On November 11, 1911, Louis Upton (1886–1952), who worked as an insurance salesman, and his uncle, Emory Upton, who owned a machine shop, founded the Upton Machine Company. Following a failed business venture, Lou acquired a patent to a manual clothes washer. He approached Emory to determine if he could add an electric motor to the design. With the aid of a $5,000 investment from retailing executive Lowell Bassford, they began producing electric motor-driven wringer washers. Soon after its founding, Lou's younger brother Fred joined the company.

Their first customer, the Federal Electric division of Commonwealth Edison, ordered 100 machines, but a fault in the gear transmission led the customer to threaten their return. After the machines were recalled and repaired, Federal Electric doubled the order. They remained a customer for three years, then they began producing their own washers. The loss of Federal Electric forced Upton to diversify until, in 1916, they landed Sears, Roebuck & Co. as a customer. Sears began selling two types of Upton wringer washers under the "Allen" brand, one for $54.75 and a deluxe model for $95. Sales grew quickly, and in 1921 Sears appointed Upton as their sole supplier of washers. To avoid becoming over-reliant on Sears, Upton began marketing a washer under their own brand name.

The increasing volume of sales led Upton to merge with the Nineteen Hundred Washer Company of Binghamton, New York in 1929, adopting the name Nineteen Hundred Corporation. The company was relatively unaffected by the Great Depression. During WWII, its factories were converted to armament production. In 1947, it introduced an automatic, spinner-type washer sold by Sears under the "Kenmore" brand. A year later it was sold by the company under the "Whirlpool" brand name. Lou retired as president in 1949 and was replaced by Elisha "Bud" Gray II.
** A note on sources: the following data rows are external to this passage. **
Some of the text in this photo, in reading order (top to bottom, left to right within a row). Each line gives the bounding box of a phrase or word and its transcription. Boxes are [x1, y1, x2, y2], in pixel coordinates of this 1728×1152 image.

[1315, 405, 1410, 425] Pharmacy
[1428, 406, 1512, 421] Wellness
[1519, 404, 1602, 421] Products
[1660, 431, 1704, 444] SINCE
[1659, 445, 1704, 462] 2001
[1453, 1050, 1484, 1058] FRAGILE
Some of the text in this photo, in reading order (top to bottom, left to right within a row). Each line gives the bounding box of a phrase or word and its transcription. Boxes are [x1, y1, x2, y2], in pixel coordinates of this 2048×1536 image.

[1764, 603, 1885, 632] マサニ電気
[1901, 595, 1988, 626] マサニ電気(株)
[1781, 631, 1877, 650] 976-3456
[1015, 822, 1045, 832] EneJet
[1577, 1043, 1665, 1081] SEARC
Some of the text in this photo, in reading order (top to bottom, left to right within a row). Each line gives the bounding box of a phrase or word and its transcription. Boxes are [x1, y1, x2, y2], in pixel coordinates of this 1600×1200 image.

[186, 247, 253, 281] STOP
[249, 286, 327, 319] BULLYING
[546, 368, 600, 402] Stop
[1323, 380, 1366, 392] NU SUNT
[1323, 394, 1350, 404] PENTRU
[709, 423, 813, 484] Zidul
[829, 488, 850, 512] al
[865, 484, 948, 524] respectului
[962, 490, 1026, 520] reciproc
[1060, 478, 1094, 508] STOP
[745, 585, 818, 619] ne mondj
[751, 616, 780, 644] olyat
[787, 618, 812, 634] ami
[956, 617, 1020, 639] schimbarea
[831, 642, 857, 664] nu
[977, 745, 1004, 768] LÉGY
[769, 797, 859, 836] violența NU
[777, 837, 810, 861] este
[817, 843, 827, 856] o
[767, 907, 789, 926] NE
In response to the post-war consumer demand for convenience products, the company launched a range of home laundry products including wringer and automatic washers, dryers, and irons. In 1949, The Nineteen Hundred Corporation was renamed as the Whirlpool Corporation. In 1951, the philanthropic Whirlpool Foundation was established.

===1950s to 1980s: Early acquisitions===

Logo used from 1949 to 1961.

To better compete with more diversified manufacturers, in 1955 Whirlpool acquired Seeger Refrigerator Company and RCA's air conditioner and cooking range lines. The company changed its name to Whirlpool-Seeger Corporation and began using the RCA-Whirlpool brand name. Whirlpool acquired International Harvester Company's refrigeration plant in Evansville, Indiana, in 1955. In 1956, a 100 acre administrative center was opened in Benton Harbor, Michigan. In 1957, the RCA Whirlpool Miracle Kitchen was introduced with an estimated 15 million television viewers. The company changed its name back to Whirlpool Corporation and brought in Robert Elton Brooker as president. At the 1959 American National Exhibition at Sokolniki Park, Moscow, Brooker presided over the Whirlpool kitchen. The Whirlpool kitchen inspired the Kitchen Debate between then Vice President Richard Nixon and Soviet Premier Nikita Khrushchev.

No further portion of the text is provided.